Your answer should be an exact copy of every record.
● ● ● ●
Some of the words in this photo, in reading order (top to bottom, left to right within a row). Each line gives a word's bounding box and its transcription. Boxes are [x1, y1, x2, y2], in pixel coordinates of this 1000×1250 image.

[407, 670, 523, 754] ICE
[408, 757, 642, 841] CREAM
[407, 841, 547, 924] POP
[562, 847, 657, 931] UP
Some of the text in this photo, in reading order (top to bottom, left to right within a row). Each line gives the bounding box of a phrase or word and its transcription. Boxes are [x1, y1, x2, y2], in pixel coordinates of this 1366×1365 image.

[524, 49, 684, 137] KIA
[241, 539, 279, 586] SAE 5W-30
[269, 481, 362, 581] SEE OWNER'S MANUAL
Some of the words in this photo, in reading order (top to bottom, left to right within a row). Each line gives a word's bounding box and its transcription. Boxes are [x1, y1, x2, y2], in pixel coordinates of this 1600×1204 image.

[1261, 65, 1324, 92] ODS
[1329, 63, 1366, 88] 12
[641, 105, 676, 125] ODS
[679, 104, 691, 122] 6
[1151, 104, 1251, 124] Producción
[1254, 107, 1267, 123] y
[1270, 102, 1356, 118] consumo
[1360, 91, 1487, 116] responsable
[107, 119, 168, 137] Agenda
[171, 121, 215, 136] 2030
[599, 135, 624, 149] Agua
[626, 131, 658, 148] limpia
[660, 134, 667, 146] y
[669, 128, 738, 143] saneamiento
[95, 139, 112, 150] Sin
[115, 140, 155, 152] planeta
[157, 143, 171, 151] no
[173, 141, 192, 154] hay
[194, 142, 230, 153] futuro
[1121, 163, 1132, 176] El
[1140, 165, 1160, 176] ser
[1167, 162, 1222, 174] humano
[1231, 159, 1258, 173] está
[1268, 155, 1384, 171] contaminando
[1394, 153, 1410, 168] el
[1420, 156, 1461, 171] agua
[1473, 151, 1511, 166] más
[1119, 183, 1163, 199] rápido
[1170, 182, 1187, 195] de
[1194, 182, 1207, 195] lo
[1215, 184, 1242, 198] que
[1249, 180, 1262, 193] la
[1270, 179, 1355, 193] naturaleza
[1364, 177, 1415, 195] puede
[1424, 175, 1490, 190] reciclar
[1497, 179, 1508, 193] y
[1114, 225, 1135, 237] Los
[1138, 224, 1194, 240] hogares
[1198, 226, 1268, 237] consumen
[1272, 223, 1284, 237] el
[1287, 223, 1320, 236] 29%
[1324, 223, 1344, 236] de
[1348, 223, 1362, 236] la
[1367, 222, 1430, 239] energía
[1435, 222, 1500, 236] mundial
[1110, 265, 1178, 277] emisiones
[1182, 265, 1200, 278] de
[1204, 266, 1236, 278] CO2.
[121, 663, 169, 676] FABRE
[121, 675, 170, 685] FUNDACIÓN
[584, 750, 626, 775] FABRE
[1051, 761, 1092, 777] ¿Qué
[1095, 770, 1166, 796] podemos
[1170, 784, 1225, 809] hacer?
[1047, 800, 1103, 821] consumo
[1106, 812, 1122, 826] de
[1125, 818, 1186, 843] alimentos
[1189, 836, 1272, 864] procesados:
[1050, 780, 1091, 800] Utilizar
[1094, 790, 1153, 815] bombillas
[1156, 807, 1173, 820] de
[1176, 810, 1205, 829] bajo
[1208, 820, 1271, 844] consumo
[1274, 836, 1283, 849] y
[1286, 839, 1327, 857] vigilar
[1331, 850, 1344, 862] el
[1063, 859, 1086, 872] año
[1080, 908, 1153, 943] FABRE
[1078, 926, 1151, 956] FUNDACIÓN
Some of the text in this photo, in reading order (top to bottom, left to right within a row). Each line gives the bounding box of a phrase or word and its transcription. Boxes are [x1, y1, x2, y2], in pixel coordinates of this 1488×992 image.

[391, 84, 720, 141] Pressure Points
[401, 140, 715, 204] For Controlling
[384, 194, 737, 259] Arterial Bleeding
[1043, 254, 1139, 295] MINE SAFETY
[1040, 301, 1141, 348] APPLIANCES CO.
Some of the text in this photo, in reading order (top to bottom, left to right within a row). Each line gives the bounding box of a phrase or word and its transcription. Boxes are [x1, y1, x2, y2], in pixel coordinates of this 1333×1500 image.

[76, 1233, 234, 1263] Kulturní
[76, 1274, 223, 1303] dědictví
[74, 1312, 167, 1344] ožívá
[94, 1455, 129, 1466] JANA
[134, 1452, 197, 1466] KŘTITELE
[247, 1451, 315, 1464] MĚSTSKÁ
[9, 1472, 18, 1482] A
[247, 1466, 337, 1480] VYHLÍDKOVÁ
● ● ● ●
## Solution to the problem
Some of the words in this photo, in reading order (top to bottom, left to right within a row). Each line gives a word's bounding box and its transcription. Boxes are [x1, y1, x2, y2], in pixel coordinates of this 1000×1250 image.

[407, 670, 523, 754] ICE
[408, 757, 642, 841] CREAM
[407, 841, 547, 924] POP
[562, 847, 657, 931] UP
Some of the text in this photo, in reading order (top to bottom, left to right within a row). Each line gives the bounding box of a phrase or word and its transcription. Boxes are [x1, y1, x2, y2], in pixel coordinates of this 1366×1365 image.

[524, 49, 684, 137] KIA
[241, 539, 279, 586] SAE 5W-30
[269, 481, 362, 581] SEE OWNER'S MANUAL
Some of the words in this photo, in reading order (top to bottom, left to right within a row). Each line gives a word's bounding box and its transcription. Boxes are [x1, y1, x2, y2], in pixel coordinates of this 1600×1204 image.

[1261, 65, 1324, 92] ODS
[1329, 63, 1366, 88] 12
[641, 105, 676, 125] ODS
[679, 104, 691, 122] 6
[1151, 104, 1251, 124] Producción
[1254, 107, 1267, 123] y
[1270, 102, 1356, 118] consumo
[1360, 91, 1487, 116] responsable
[107, 119, 168, 137] Agenda
[171, 121, 215, 136] 2030
[599, 135, 624, 149] Agua
[626, 131, 658, 148] limpia
[660, 134, 667, 146] y
[669, 128, 738, 143] saneamiento
[95, 139, 112, 150] Sin
[115, 140, 155, 152] planeta
[157, 143, 171, 151] no
[173, 141, 192, 154] hay
[194, 142, 230, 153] futuro
[1121, 163, 1132, 176] El
[1140, 165, 1160, 176] ser
[1167, 162, 1222, 174] humano
[1231, 159, 1258, 173] está
[1268, 155, 1384, 171] contaminando
[1394, 153, 1410, 168] el
[1420, 156, 1461, 171] agua
[1473, 151, 1511, 166] más
[1119, 183, 1163, 199] rápido
[1170, 182, 1187, 195] de
[1194, 182, 1207, 195] lo
[1215, 184, 1242, 198] que
[1249, 180, 1262, 193] la
[1270, 179, 1355, 193] naturaleza
[1364, 177, 1415, 195] puede
[1424, 175, 1490, 190] reciclar
[1497, 179, 1508, 193] y
[1114, 225, 1135, 237] Los
[1138, 224, 1194, 240] hogares
[1198, 226, 1268, 237] consumen
[1272, 223, 1284, 237] el
[1287, 223, 1320, 236] 29%
[1324, 223, 1344, 236] de
[1348, 223, 1362, 236] la
[1367, 222, 1430, 239] energía
[1435, 222, 1500, 236] mundial
[1110, 265, 1178, 277] emisiones
[1182, 265, 1200, 278] de
[1204, 266, 1236, 278] CO2.
[121, 663, 169, 676] FABRE
[121, 675, 170, 685] FUNDACIÓN
[584, 750, 626, 775] FABRE
[1051, 761, 1092, 777] ¿Qué
[1095, 770, 1166, 796] podemos
[1170, 784, 1225, 809] hacer?
[1047, 800, 1103, 821] consumo
[1106, 812, 1122, 826] de
[1125, 818, 1186, 843] alimentos
[1189, 836, 1272, 864] procesados:
[1050, 780, 1091, 800] Utilizar
[1094, 790, 1153, 815] bombillas
[1156, 807, 1173, 820] de
[1176, 810, 1205, 829] bajo
[1208, 820, 1271, 844] consumo
[1274, 836, 1283, 849] y
[1286, 839, 1327, 857] vigilar
[1331, 850, 1344, 862] el
[1063, 859, 1086, 872] año
[1080, 908, 1153, 943] FABRE
[1078, 926, 1151, 956] FUNDACIÓN
Some of the text in this photo, in reading order (top to bottom, left to right within a row). Each line gives the bounding box of a phrase or word and its transcription. Boxes are [x1, y1, x2, y2], in pixel coordinates of this 1488×992 image.

[391, 84, 720, 141] Pressure Points
[401, 140, 715, 204] For Controlling
[384, 194, 737, 259] Arterial Bleeding
[1043, 254, 1139, 295] MINE SAFETY
[1040, 301, 1141, 348] APPLIANCES CO.
Some of the text in this photo, in reading order (top to bottom, left to right within a row). Each line gives the bounding box of a phrase or word and its transcription. Boxes are [x1, y1, x2, y2], in pixel coordinates of this 1333×1500 image.

[76, 1233, 234, 1263] Kulturní
[76, 1274, 223, 1303] dědictví
[74, 1312, 167, 1344] ožívá
[94, 1455, 129, 1466] JANA
[134, 1452, 197, 1466] KŘTITELE
[247, 1451, 315, 1464] MĚSTSKÁ
[9, 1472, 18, 1482] A
[247, 1466, 337, 1480] VYHLÍDKOVÁ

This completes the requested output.